A car burns at the side of a maternity hospital that was damaged by shelling in Mariupol, Ukraine, March 2022. BY EVGENIY MALOLETKA/AP.

As a correspondent, I have covered three of these wars up close—in Chechnya, Syria, and, now, Ukraine. As a human rights activist, I cofounded the Reckoning Project last year, where I serve as executive director. Our main role has been to gather testimonies from Ukrainian eyewitnesses in order to build legal cases, not only against Russian soldiers committing war crimes—which I chronicled in a recent VF story—but also against Putin and the Kremlin. Scrutinizing his methods from past wars, especially his deadly mass assaults on citizens in cities and towns, is a way to understand Putin’s current modus operandi.

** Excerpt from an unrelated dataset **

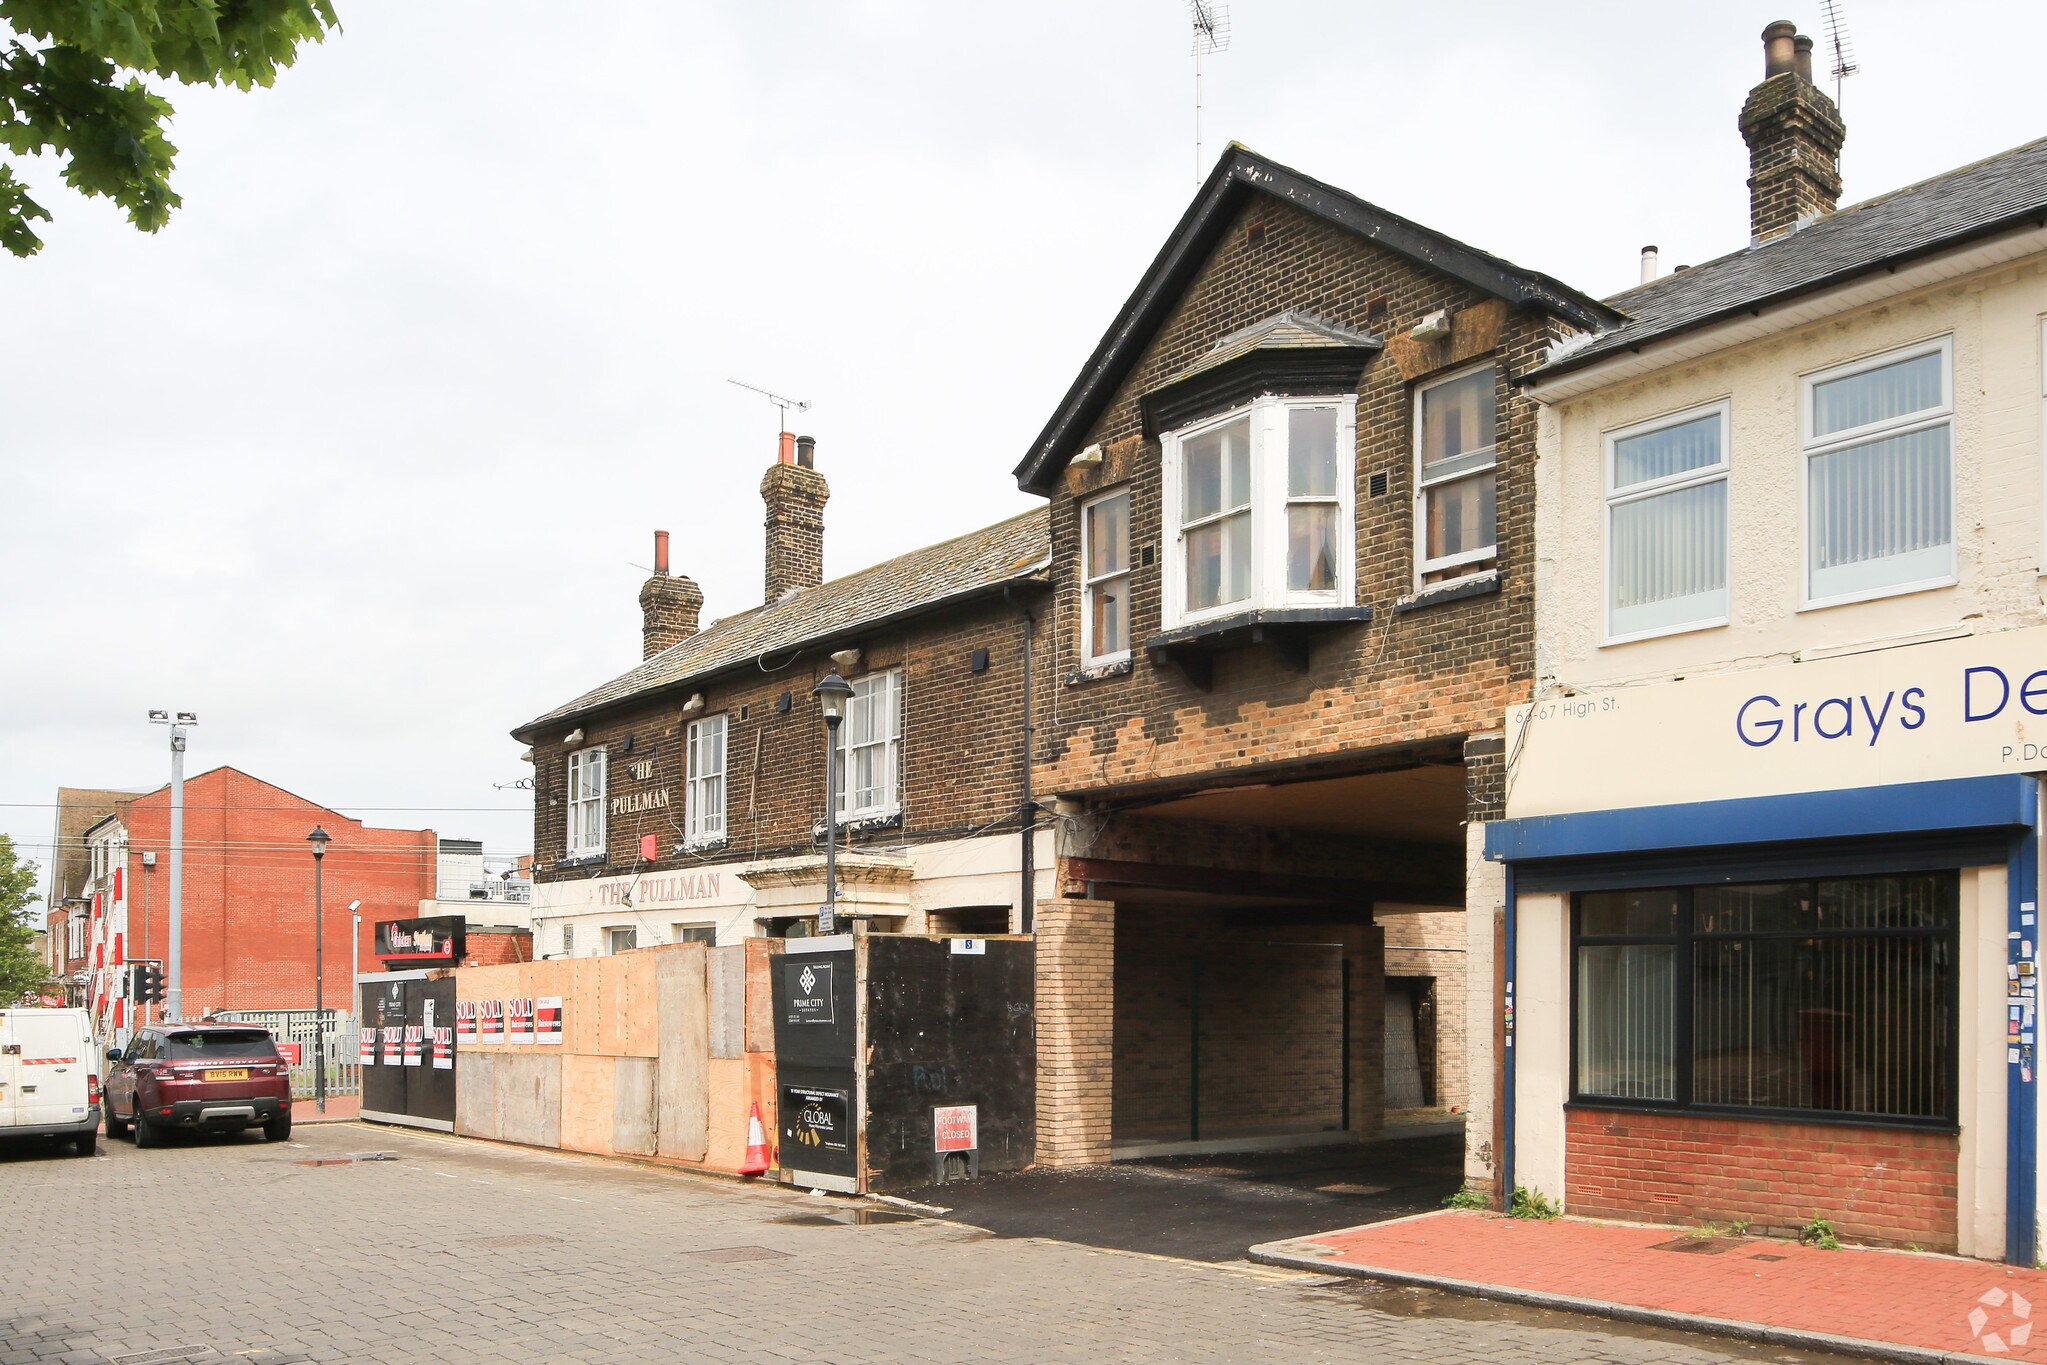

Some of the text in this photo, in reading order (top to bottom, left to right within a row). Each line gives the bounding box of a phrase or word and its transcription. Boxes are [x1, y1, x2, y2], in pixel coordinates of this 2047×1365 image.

In the three Russian wars I have reported on, three cities in particular seem to have borne the most focused brunt of Putin’s wrath.

When I study the destruction of the Ukrainian port city of Mariupol—which endured a painful three-month siege that cut off food, water, and electricity to civilians before falling into Russia’s hands in May 2022—I see echoes of Aleppo (in Syria), and of Grozny (in Chechnya). Mariupol, a coastal city on the Sea of Azov, was once famous for trade and higher education. But the place has suffered so terribly in the past year that the town, formerly known as Zhdanov, is now referred to across the country as one of the “Hero Cities” of Ukraine.


Aleppo had been a stop on the ancient Silk Road, a place renowned for its beauty and grace. Over the course of many months, it was reduced to rubble, with more than 31,000 civilians killed, many during a final stand against Putin and Assad.

Grozny, distinguished for its oil deposits, was founded in the 1800s as a fortress city, where a soldier named Leo Tolstoy was once stationed. In the early 21st century, however, after Grozny succumbed at last to Russian forces, the United Nations designated the Chechen capital the “most destroyed city on earth.”

To comprehend Putin’s seeming thirst for territory and his ability to tolerate death and destruction, you have to understand his underlying motives. And from my reporting on military campaigns and the local populations in these three locales, I have come to an unsettling conclusion.

Smoke rises over Aleppo’s Saif Al Dawla district, Syria, 2012. BY MANU BRABO/AP PHOTO.

I believe Vladimir Putin is motivated by a desire to retain power, privilege, and leverage at all costs. A former spymaster trained in the Soviet surveillance state, he employs methods for remaining Russia’s supreme leader that are rooted in his background as an intelligence agent. He perceives those around him warily; his paranoia is the handmaiden of his success. He uses fear, brute force, secrecy, intimidation, and complete control to vanquish enemies. Unsettled by the 1991 collapse of the Soviet Union (which he has called a “genuine tragedy…. the greatest geopolitical catastrophe of the century,” he has apparently come to see some of his neighboring nations as would-be adversaries and, therefore, potentially ripe for the taking.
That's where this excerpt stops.